Diversamente dalle palline di lattosio, i rimedi in gocce offrono il vantaggio di poter essere dinamizzati prima di ogni somministrazione, scuotendo il flacone con almeno 5 colpi, tuttavia sono più difficili da conservare. Se occorre ripetere un rimedio che è già stato assunto in granuli, magari più volte nella stessa giornata (quale è il caso di forme morbose acute, per esempio una febbre) si deve comunque passare alla fase liquida, sciogliendo i granuli in un dito d'acqua e poi agitando il bicchiere con un cucchiaino o meglio ancora utilizzando una piccola bottiglia di vetro e scuotendola dall'alto verso il basso per almeno 10 volte prima di ogni successiva somministrazione; è di fondamentale importanza la succussione tutte le volte che è necessaria una ripetizione della stessa diluizione.


Meccanismo d'azione dei rimedi omeopatici

Esistono oggi numerosi studi fisico-chimici che spiegano il meccanismo d'azione di tali diluizioni; il problema rimane la riproducibilità di tali esperimenti data l'instabilità di queste diluizioni (e la riproducibilità di un esperimento, insieme alla verificabilità di una ipotesi di lavoro, rappresentano i due concetti fondamentali della ricerca scientifica).

Nel 1988 venne per la prima volta avanzata l'ipotesi della memoria elettromagnetica dell'acqua da Benveniste. Quella che allora sembrava un'eresia, oggi è stata confermata da diversi gruppi di ricerca. In pratica, l'acqua ha un comportamento dinamico e le molecole sono in grado di formare dei reticoli assimilabili ad un filo conduttore. Quando l'acqua viene posta in un campo magnetico le molecole si mettono ad oscillare all'unisono in modo coerente, o come si dice, in fase. La frequenza di oscillazione può essere trasmessa ai liquidi biologici.

L'acqua si comporta cioè come un materiale non inerte e passivo ma dinamico nella trasmissione di una informazione energetica. Ogni stimolo fisico-chimico, e quindi anche la sostanza del rimedio, ha una certa frequenza di oscillazione che viene trasmessa all'acqua della soluzione, la quale continua a vibrare con la stessa frequenza anche quando la sostanza non è più presente.
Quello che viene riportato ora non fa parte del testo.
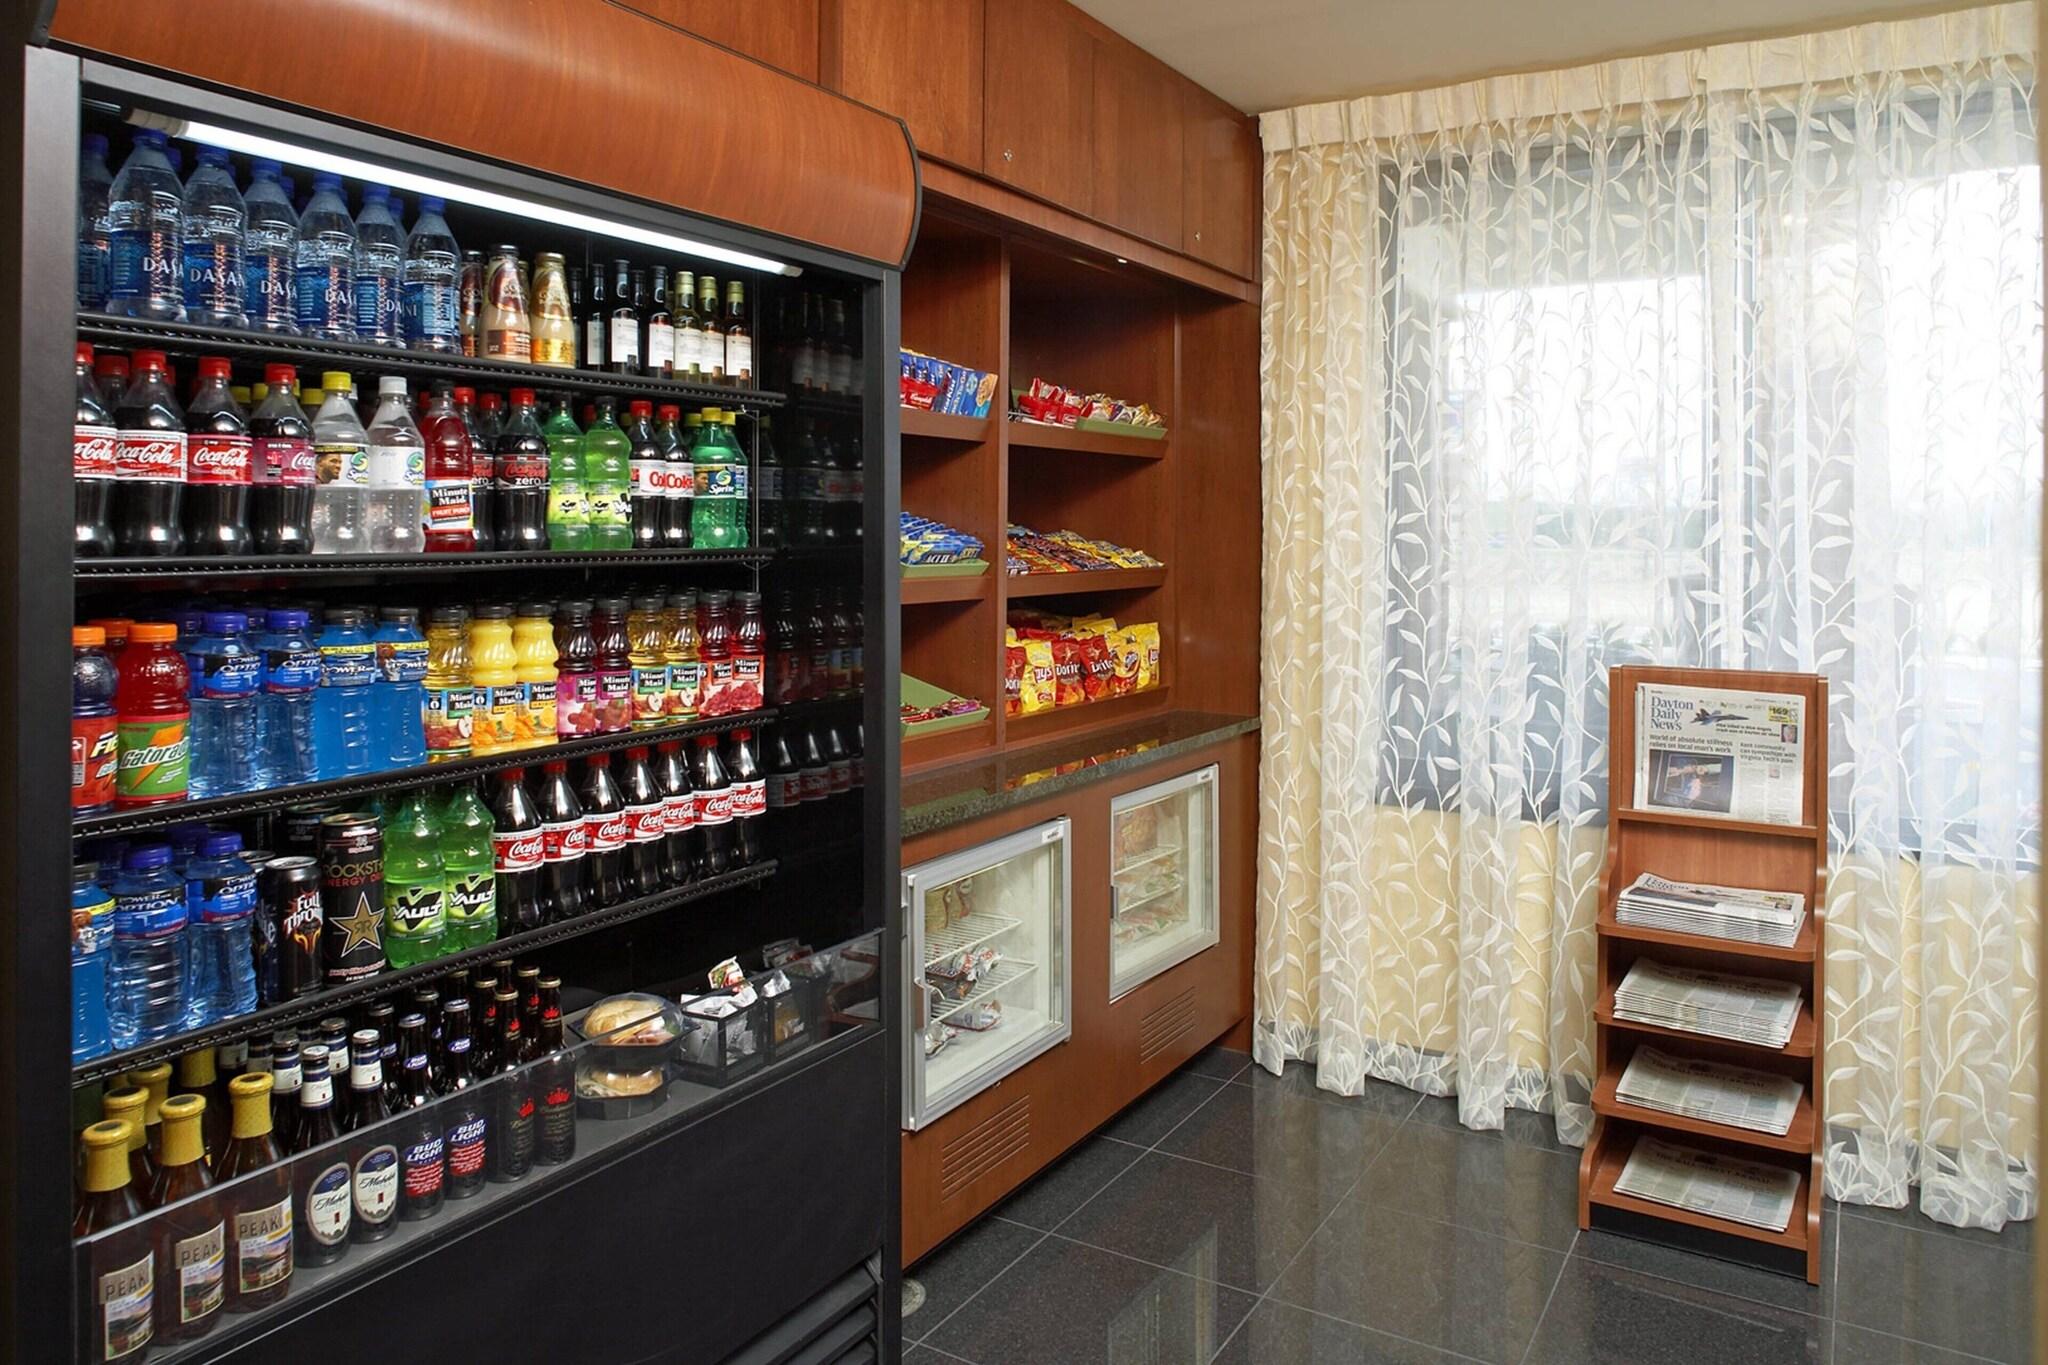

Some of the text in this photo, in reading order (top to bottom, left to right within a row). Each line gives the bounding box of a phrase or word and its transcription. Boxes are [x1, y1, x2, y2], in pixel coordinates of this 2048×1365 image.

Il processo di agitazione del liquido (succussione) avrebbe proprio il compito di "riattivare la memoria dell'acqua" ad ogni passaggio di diluizione, cioè 'rienergizzarla' con la stessa frequenza corrispondente alla sostanza iniziale. L'acqua fungerebbe così da messaggero, trasferendo poi la frequenza di oscillazione, ovvero l'informazione, ai tessuti e ai liquidi biologici dell'organismo che l'assume.

Sono state fatte altre ipotesi sul meccanismo di trasferimento dell'informazione da parte dell'acqua (tramite degli aggregati di molecole particolari, cavi al centro, che incorporerebbero così la molecola di soluto, i cosiddetti cluster) e la possibilità di una verifica sperimentale non sembra più così lontana. La ricerca di base in Omeopatia ha ormai permesso di ritenere che il rimedio omeopatico sia dotato di una specificità nei confronti di sistemi 'recettoriali' dell'organismo. Il segnale veicolato dalla soluzione viene riconosciuto specificamente dall'organismo bersaglio ed elaborato in modo da indurre un'azione positiva su tutto il sistema. Si tratterebbe comunque di un'attività biologica in presenza di tracce di molecole, tanto che è stato coniato il termine di biologia metamolecolare, e l'informazione veicolata differisce da quella conosciuta dalla biologia e dalla farmacologia classiche.